The work of leading Mexican monumentalism has gone through a number of periods, sometimes refuting one another. If in the ’20s artists had a lot in common, then starting from the ’30s their views on the monumental painting are increasingly divergent. Siqueiros, who first agreed with Rivera in the need to study the ancient past of the Indians living in Mexico, their art, and folklore has become an active opponent of the use of folk motifs and ancient Indian symbols in the art. Siqueiros, whose side Orozco often took, accused River of narrowly nationalist folklore tastes of foreign tourists. Responding to Rivera’s accusation of cosmopolitanism and rejection of national style, Siqueiros said: “Yes, art is national, but art is national, linked to the powerful cultural traditions of the nation, but not art for sensitive tourists, not speculative art for snobby formalists, the so-called “Mexicans”.

The most consistent was the work of Diego Rivera. This was due to the character of the master, able in the name of painting to sacrifice even his ideas and friendship with people close to him, and the fact that, as already mentioned, Rivera, not being an eyewitness and participant in the revolutionary events of 1910-1917, less experienced the unfulfilled expectations.
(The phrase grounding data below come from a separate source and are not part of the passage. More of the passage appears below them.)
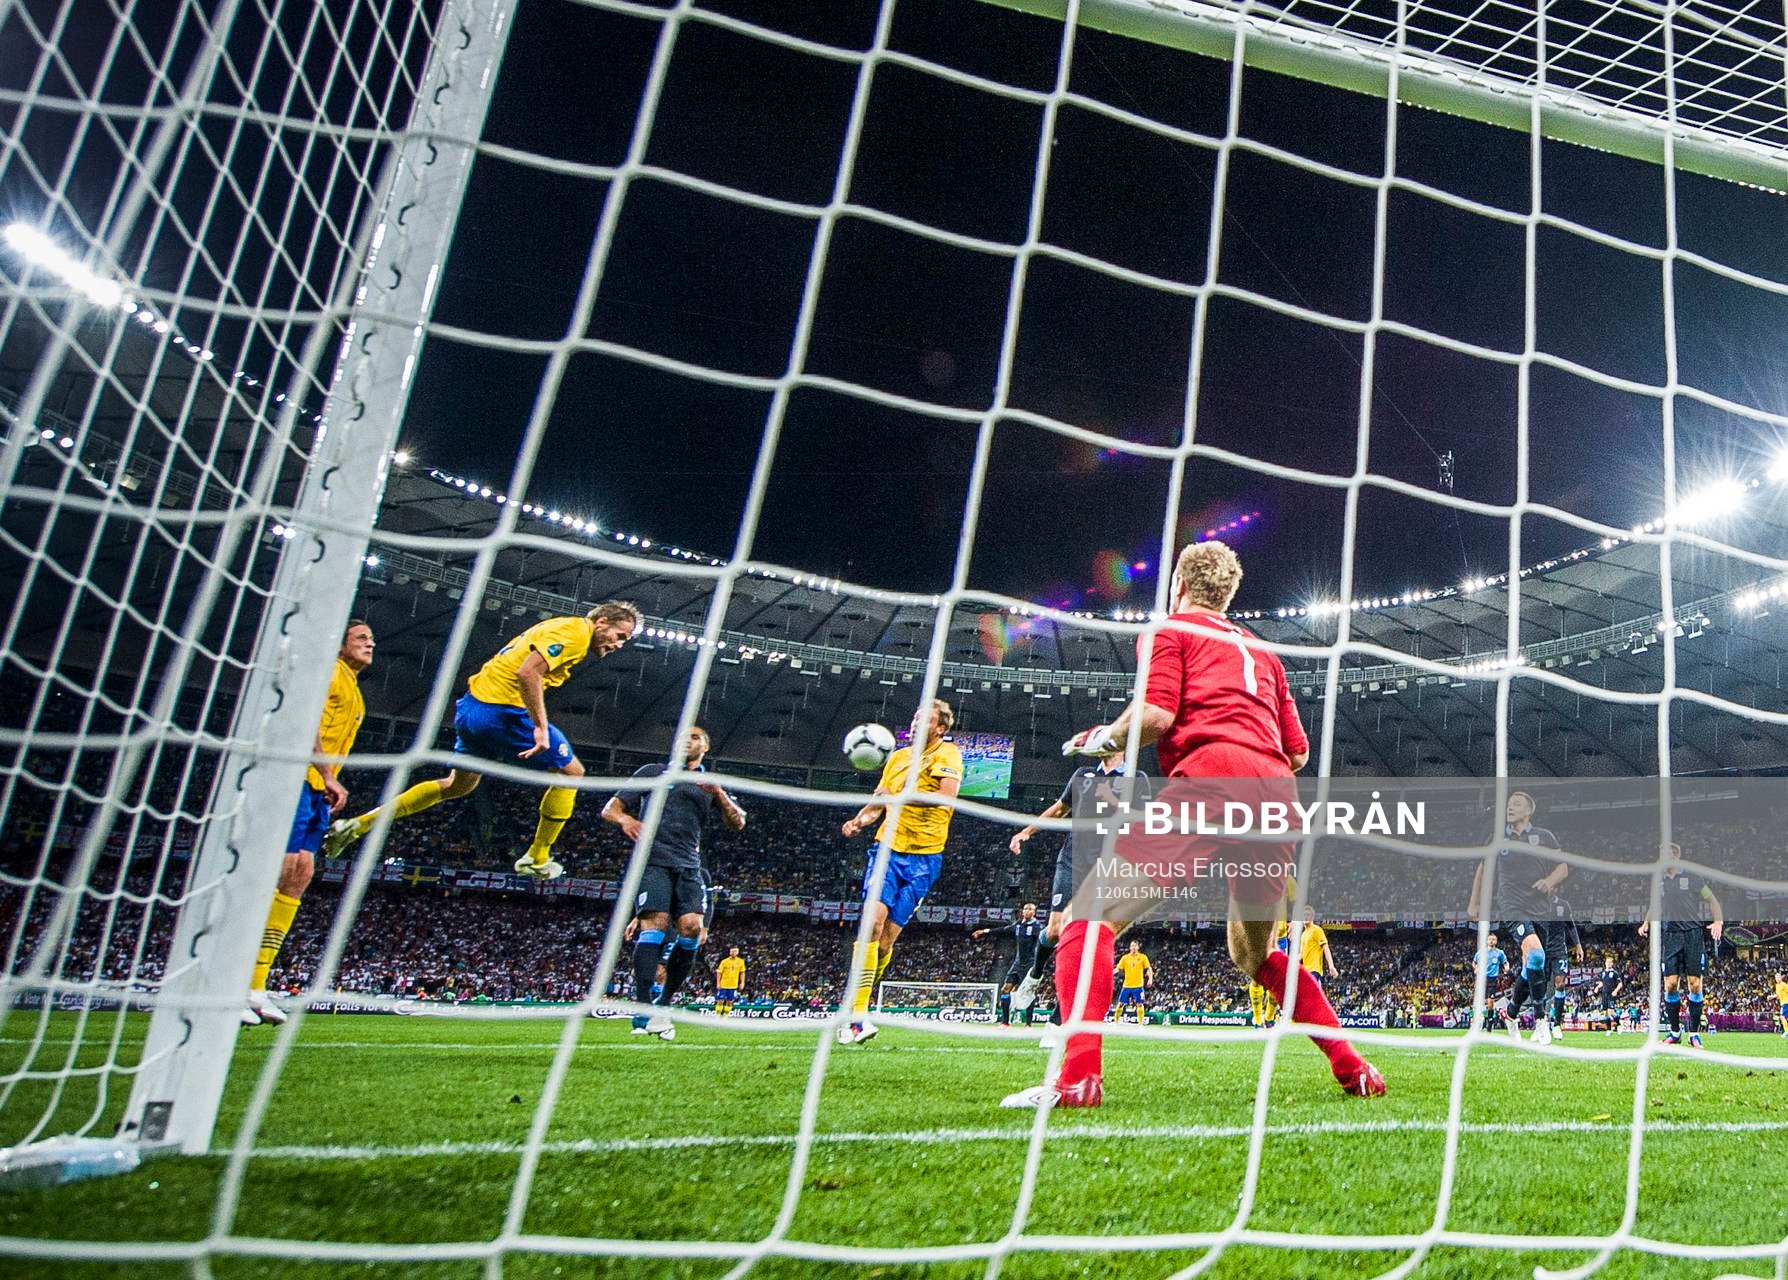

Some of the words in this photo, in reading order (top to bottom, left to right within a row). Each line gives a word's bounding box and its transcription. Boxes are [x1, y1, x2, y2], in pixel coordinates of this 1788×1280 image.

[1082, 778, 1093, 795] 9
[748, 1009, 760, 1019] for
[772, 1007, 836, 1021] Carlsberg
[1179, 1014, 1200, 1024] Drink
[1202, 1015, 1247, 1026] Responsibly
In contrast to Sekeiros – a fiery active fighter – Rivera entirely decided to devote himself to painting, believing that it is necessary to fight in the hands of the artists, in the hands of weapons – brush and paint. He was the most harmonious painter, whose frescoes until the last year of the artist’s life have always differed balance.
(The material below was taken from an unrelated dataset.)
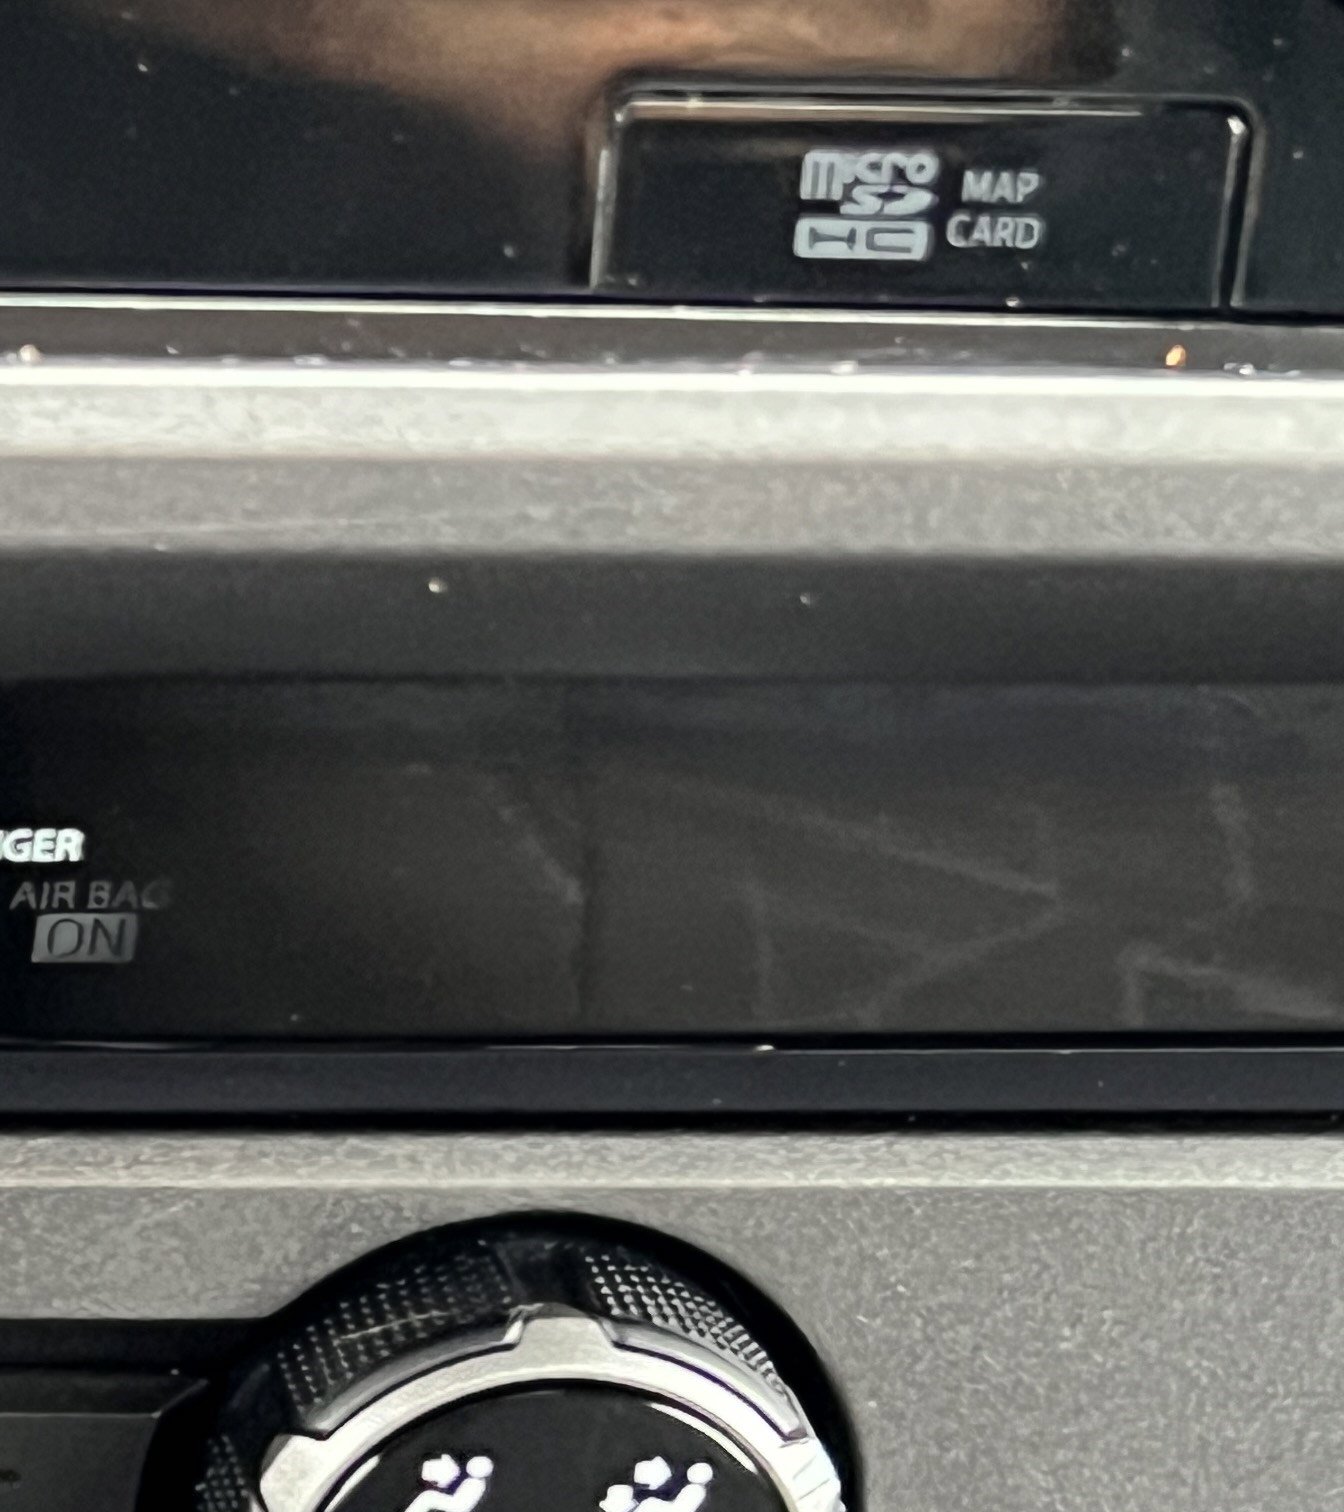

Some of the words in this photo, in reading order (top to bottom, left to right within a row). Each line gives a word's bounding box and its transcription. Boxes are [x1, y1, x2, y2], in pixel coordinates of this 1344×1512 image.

[962, 170, 1040, 203] MAP
[946, 213, 1043, 249] CARD
[9, 880, 77, 911] AIR
[46, 916, 128, 960] ON
The miracle saved the frescoes of Rivera in the Preparatoria when in the summer of 1924 there were aggressive young men from the reactionary students and destroyed the paintings of Orozco and Siqueiros. This barbaric act had different effects on Orozco and Siqueiros. The first, though he found the courage to return to the Preparatoria in 1926 and create frescoes in the third floor of the Great Courtyard Gallery, so painfully survived this incident that it had a significant impact on all his subsequent work, in which every year there was more bitterness and pessimism. For Siqueiros, the destruction of the frescoes was a signal for decisive action – he is entirely devoted to political activity. The former organ of the syndicate, the newspaper El machete, becomes the organ of the Mexican Communist Party, while Siqueiros and Guerrero become its permanent publishers. From that moment on, completely different traits are outlined in Siqueiros’ work: his aim is to create art that is universal and universal.
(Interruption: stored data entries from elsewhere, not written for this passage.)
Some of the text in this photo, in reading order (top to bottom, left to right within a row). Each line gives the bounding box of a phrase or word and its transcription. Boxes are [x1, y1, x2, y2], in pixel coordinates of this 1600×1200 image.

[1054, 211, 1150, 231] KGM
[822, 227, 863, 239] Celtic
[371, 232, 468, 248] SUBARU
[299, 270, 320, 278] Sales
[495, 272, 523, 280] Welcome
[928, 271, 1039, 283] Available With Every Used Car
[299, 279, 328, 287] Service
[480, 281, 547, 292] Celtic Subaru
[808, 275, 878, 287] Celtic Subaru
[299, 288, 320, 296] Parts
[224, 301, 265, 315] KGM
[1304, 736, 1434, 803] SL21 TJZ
Complicated History Of Mexican Modern Art
Orosco. Fresco. 1922—1924. Gallery of the Great Courtyard of the National Preparatory School. First floor

Uniting in the syndicate, the artists move from encaustic techniques to frescoes in which they have not worked since the Spanish colonization period. The main difference between the pre-Columbian and European frescoes was that lime was mixed with a binding solution of Mexican cactus juice. The longest resisted the new technique Rivera, but he also defended it later in front of a technique developed by Siqueiros, which consisted of the use of synthetic universal paints “polytex” and sprayer-aerograph.

Complicated History Of Mexican Modern Art
Orozco. Destruction of the Old Order. Fresco. 1922—1924

In 1947, Orozco gave a description of Mexican monumental painting, highlighting three directions: the first – “Nativist” in two types – archaic (exaltation of motifs of the ancient art of Mexico) and folklore (types and customs of modern Indians); the second – historical; the third – revolutionary.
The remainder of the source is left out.